Write every record below out exactly; no images.

● **DATA RECORDS**
────────

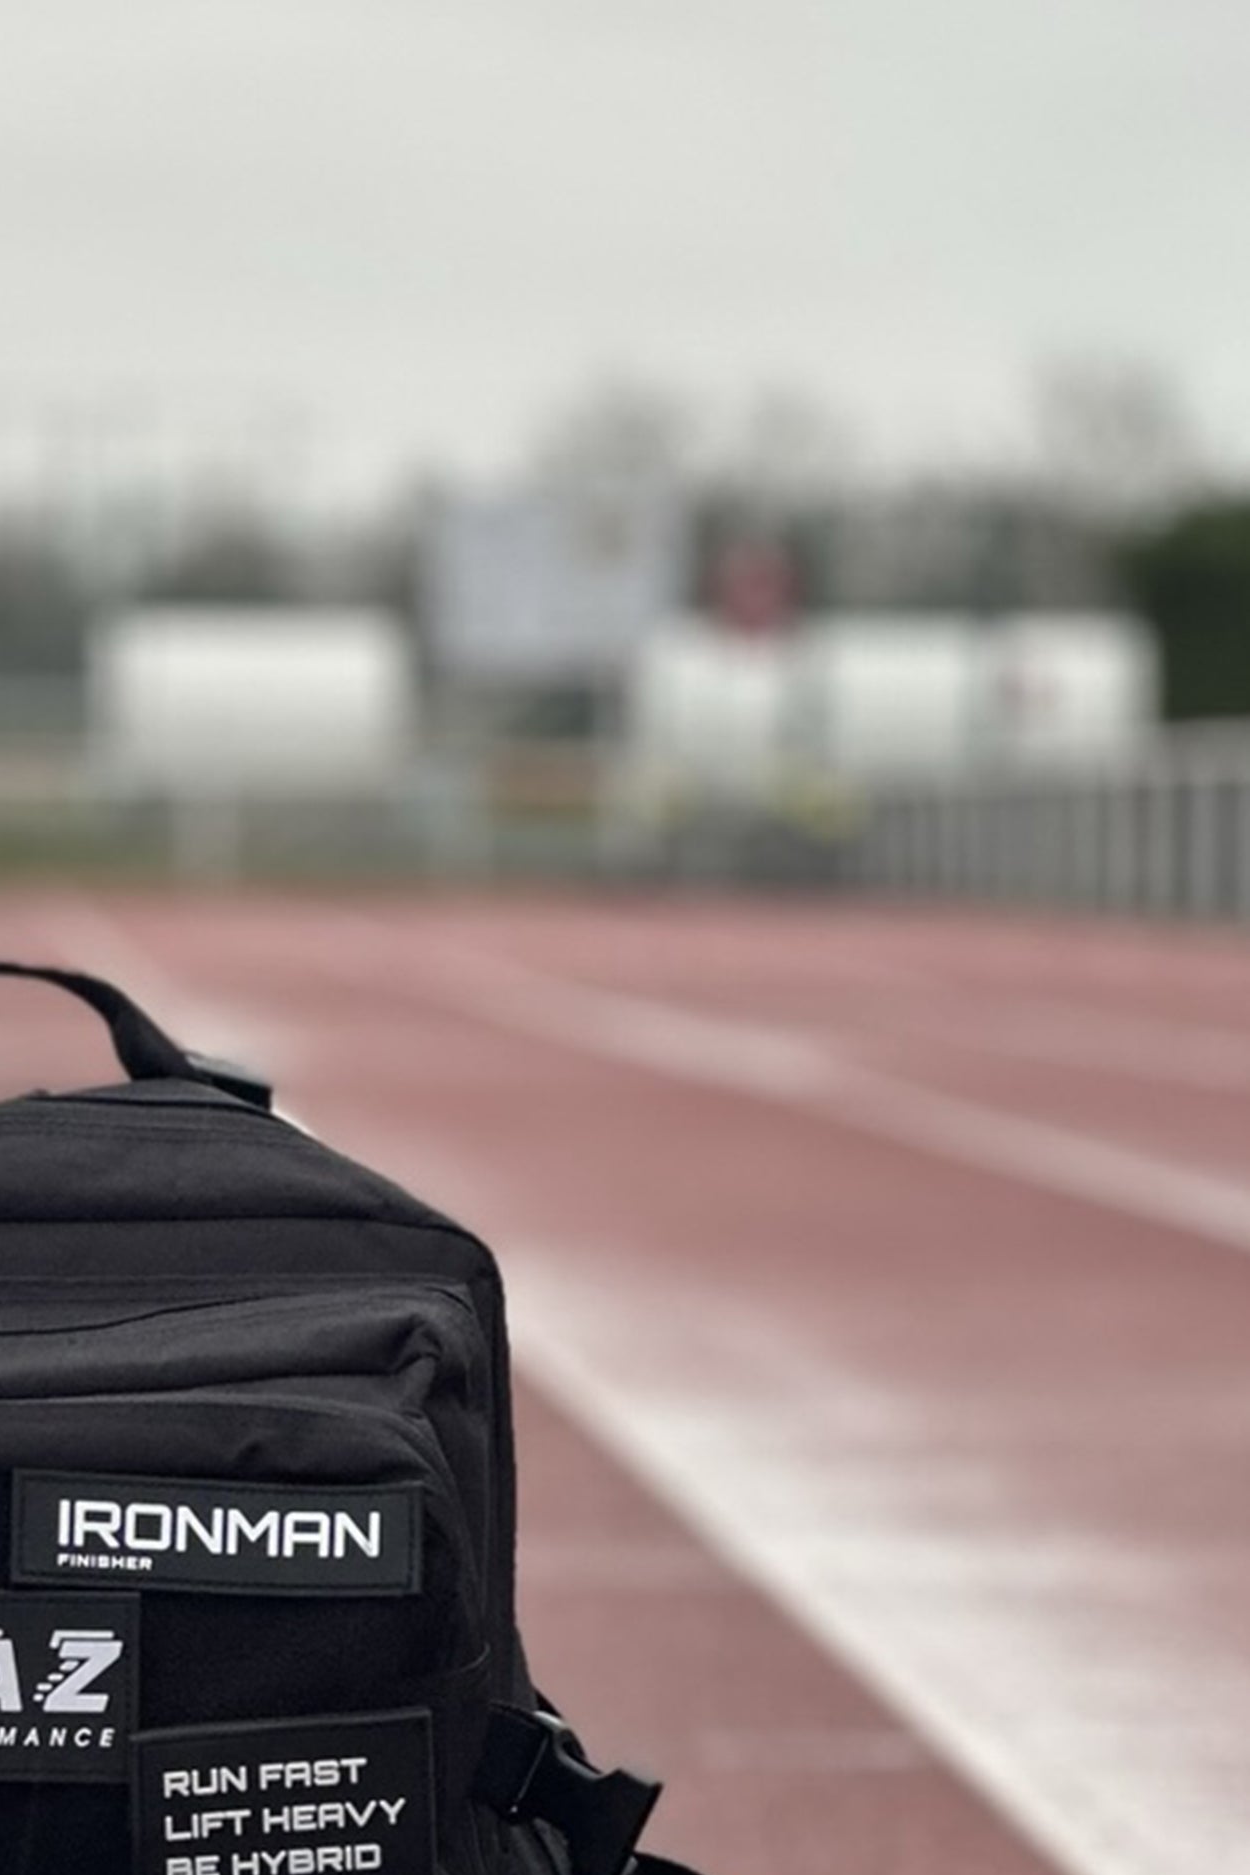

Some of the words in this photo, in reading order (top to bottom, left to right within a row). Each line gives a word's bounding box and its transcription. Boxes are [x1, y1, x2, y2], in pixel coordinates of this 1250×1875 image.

[57, 1499, 381, 1558] IRONMAN
[56, 1553, 154, 1571] FINISHER
[163, 1765, 248, 1799] RUN
[258, 1757, 368, 1791] FAST
[164, 1808, 252, 1842] LIFT
[261, 1797, 406, 1834] HEAVY
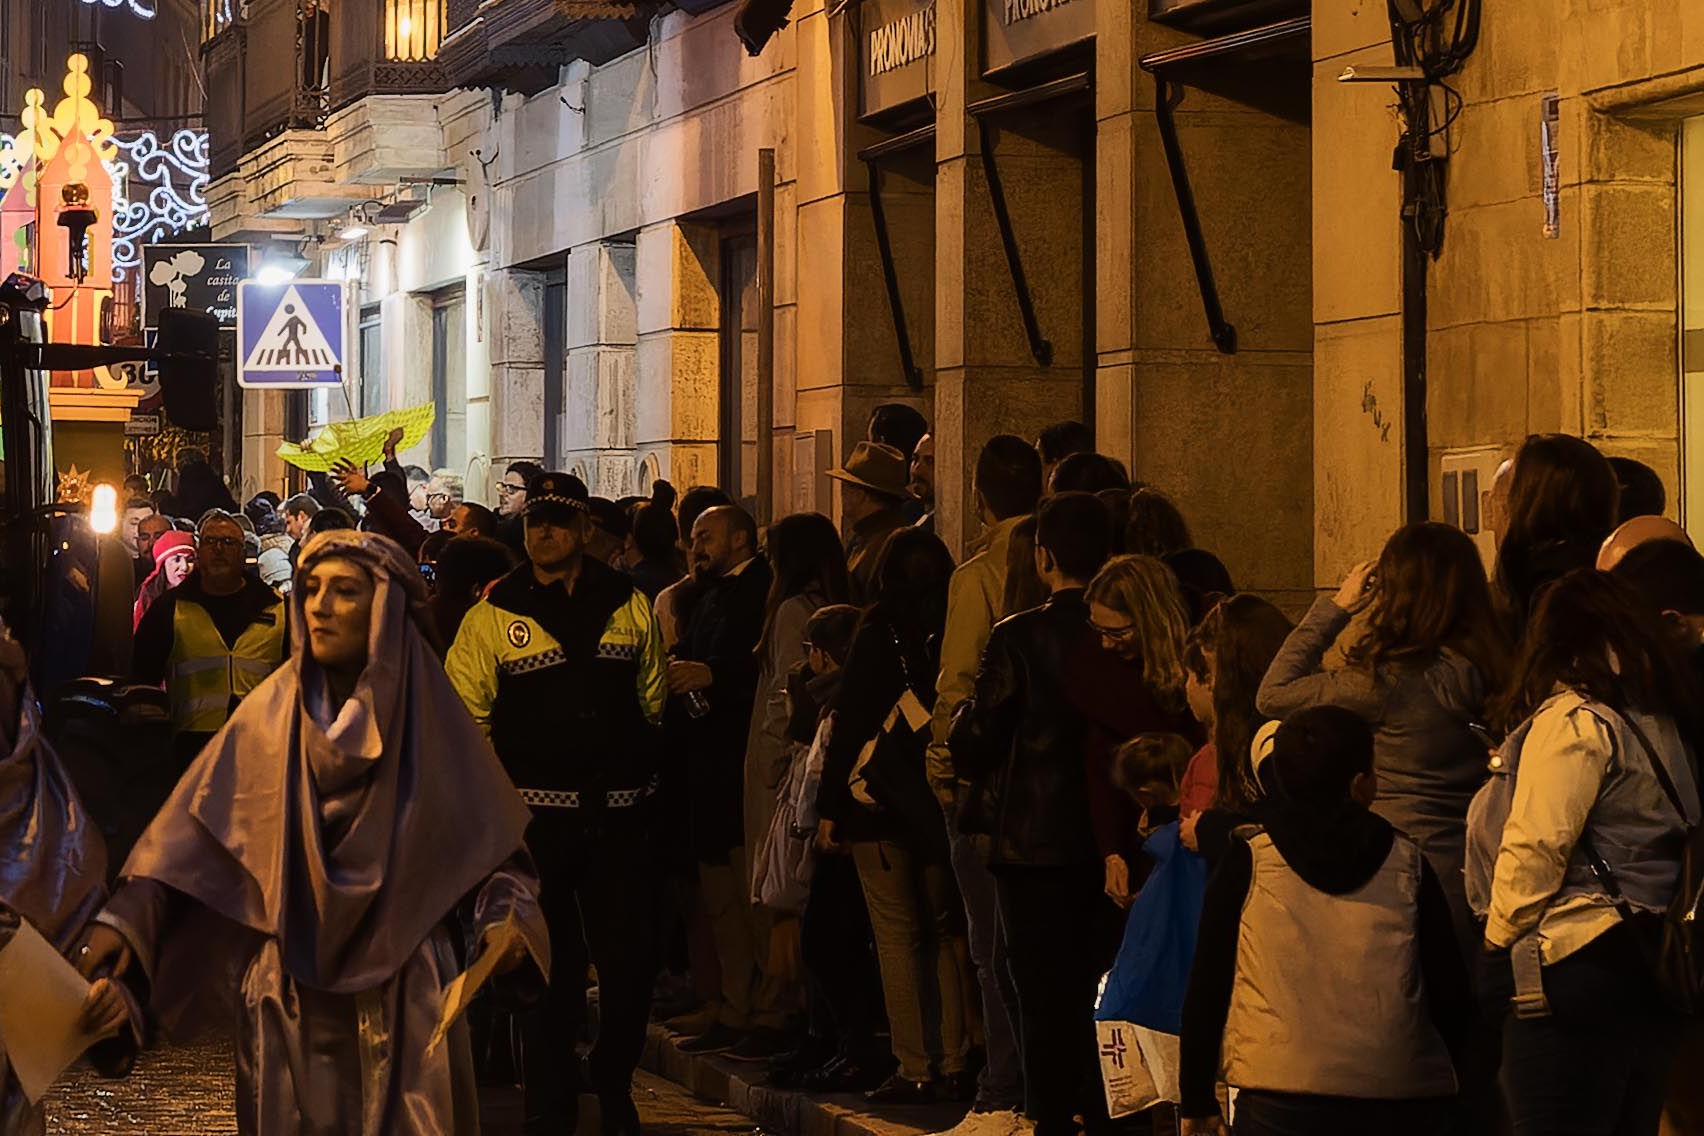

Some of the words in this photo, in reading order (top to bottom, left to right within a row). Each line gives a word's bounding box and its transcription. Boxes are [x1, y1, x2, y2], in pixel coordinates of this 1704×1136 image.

[870, 8, 936, 76] PRONOVIAS
[215, 258, 231, 270] La
[207, 273, 240, 286] casita
[217, 289, 230, 302] de
[205, 305, 238, 322] upit
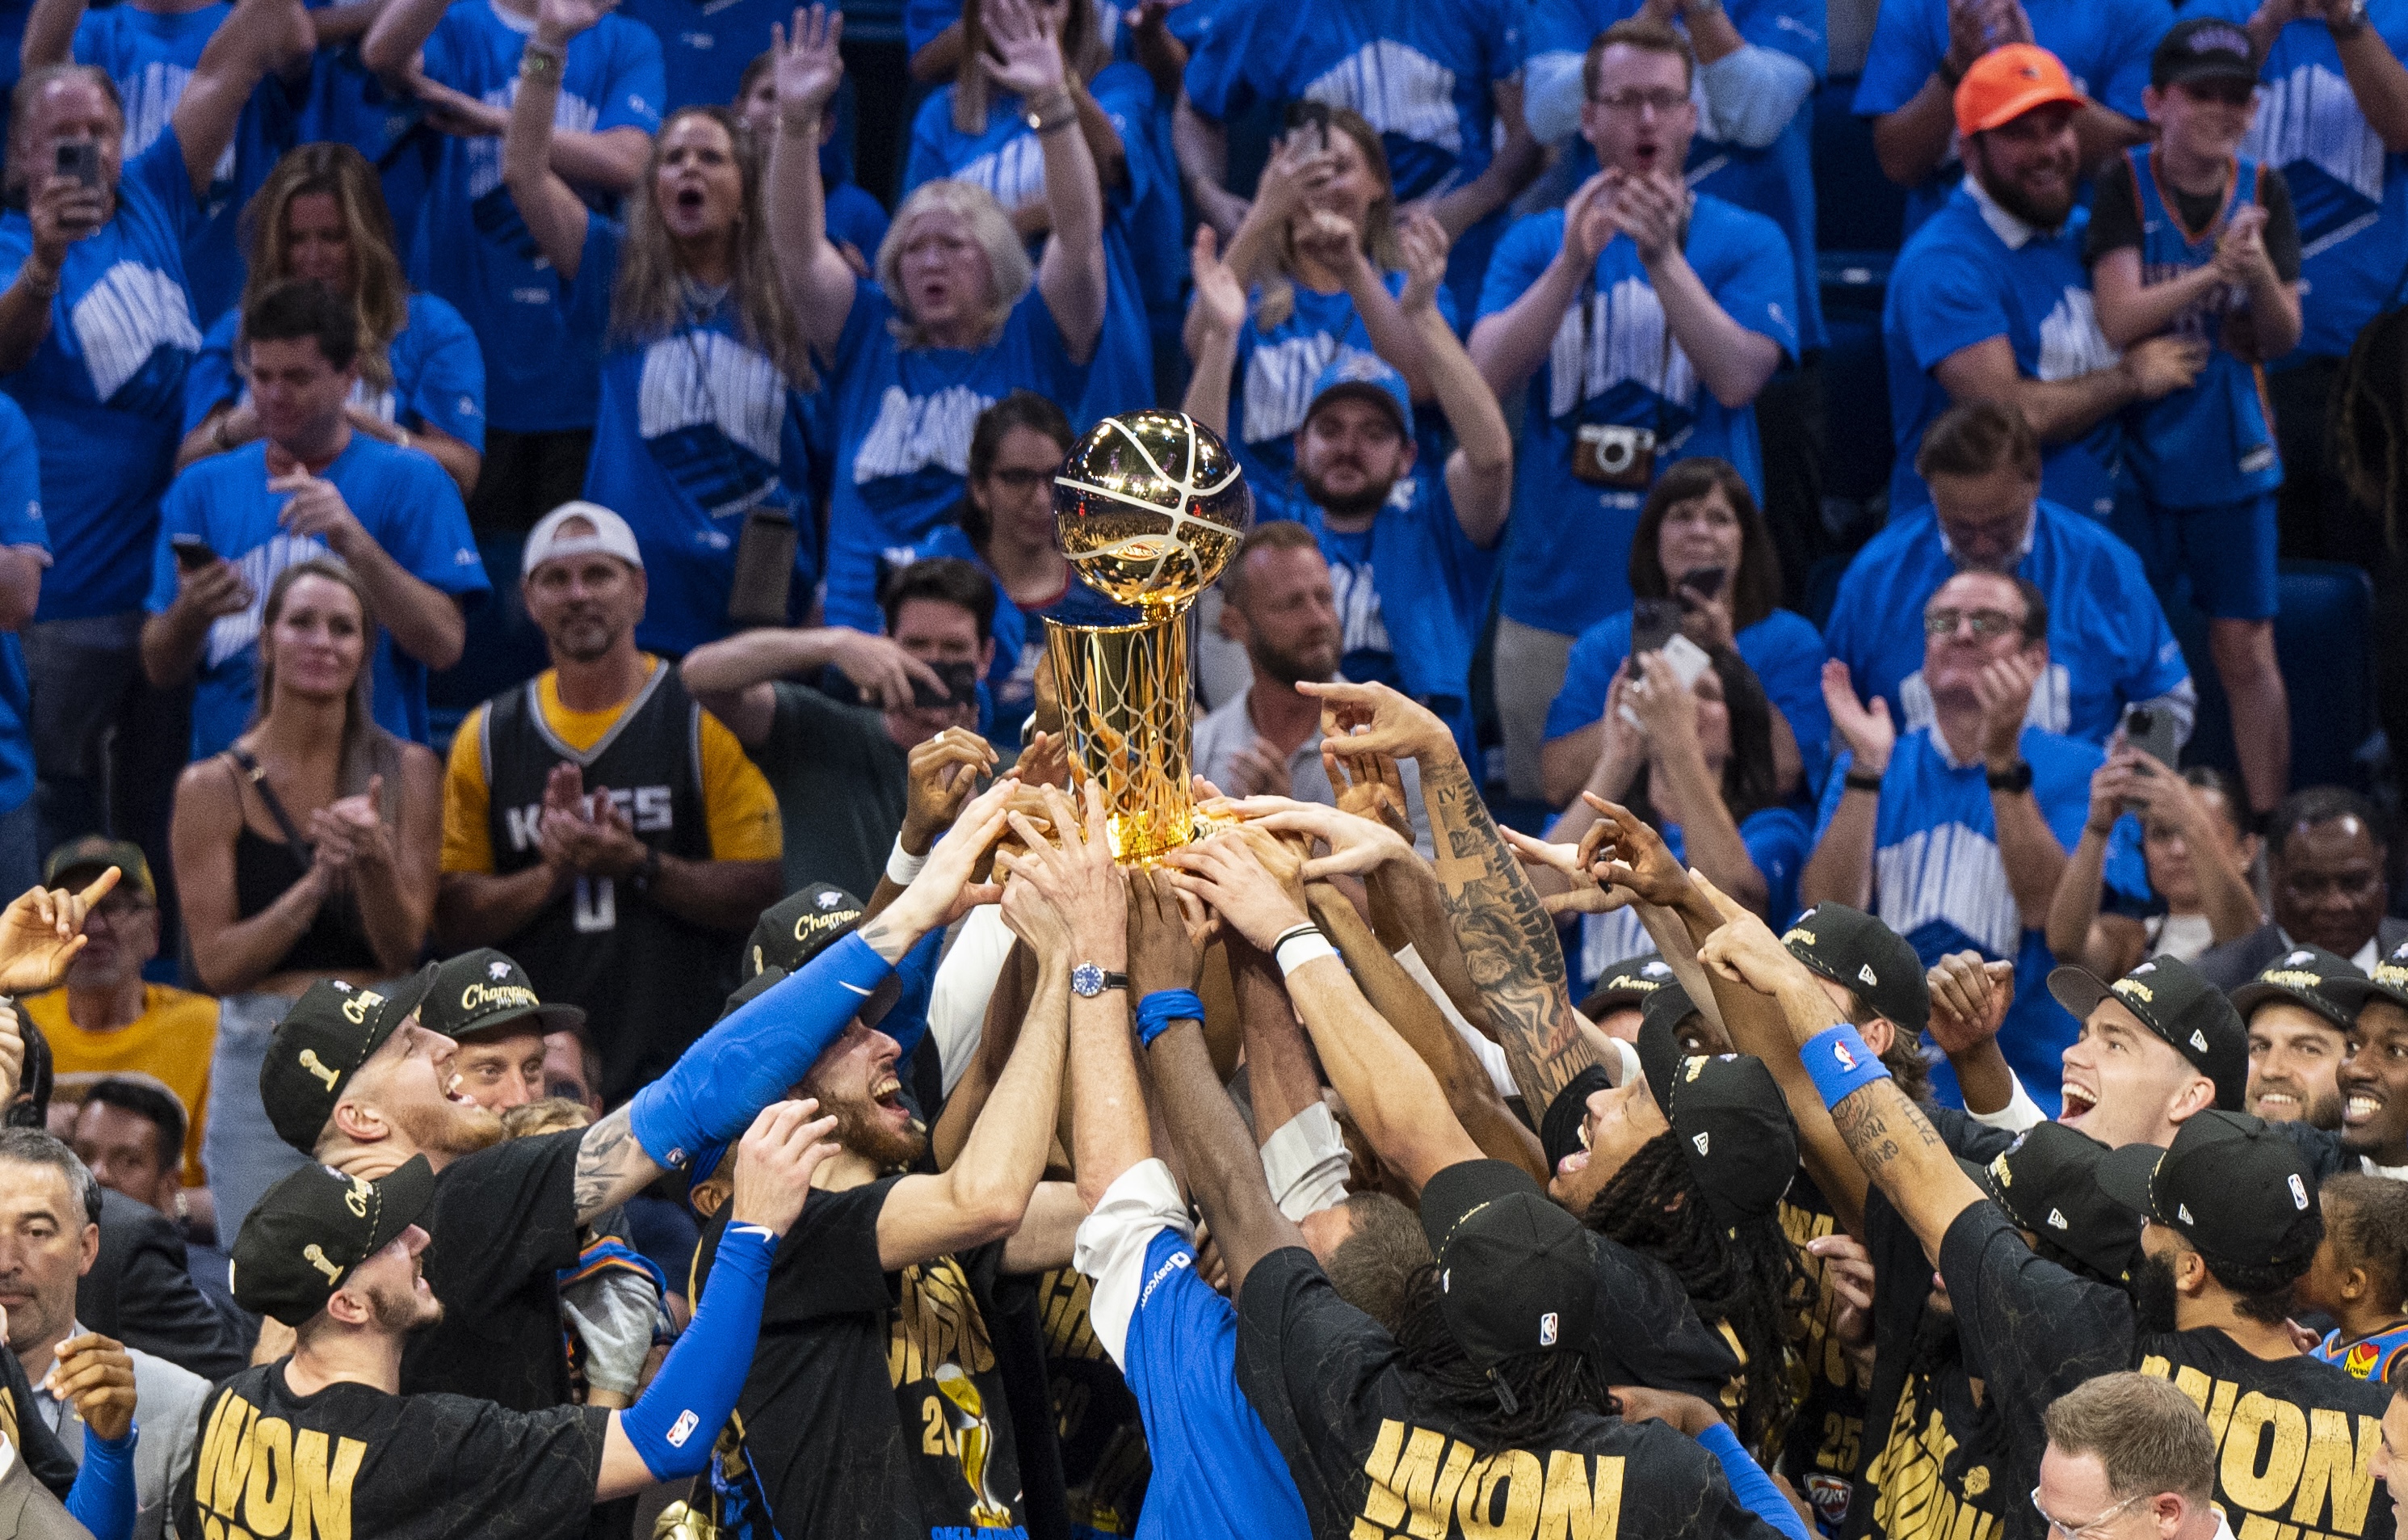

────────

● **WRITTEN REPLY**
Some of the words in this photo, in reading order (top to bottom, left to right within a row). Each line gives a word's bounding box and its transcription. Boxes are [x1, y1, x2, y2], in pixel coordinates of this 1250×1875 image.

[57, 1499, 381, 1558] IRONMAN
[56, 1553, 154, 1571] FINISHER
[163, 1765, 248, 1799] RUN
[258, 1757, 368, 1791] FAST
[164, 1808, 252, 1842] LIFT
[261, 1797, 406, 1834] HEAVY

Some of the words in this photo, in reading order (top to bottom, left to right within a row). Each line gives a word's bounding box and its transcription. Boxes are [x1, y1, x2, y2], in pixel coordinates of this 1704×1136 image.

[870, 8, 936, 76] PRONOVIAS
[215, 258, 231, 270] La
[207, 273, 240, 286] casita
[217, 289, 230, 302] de
[205, 305, 238, 322] upit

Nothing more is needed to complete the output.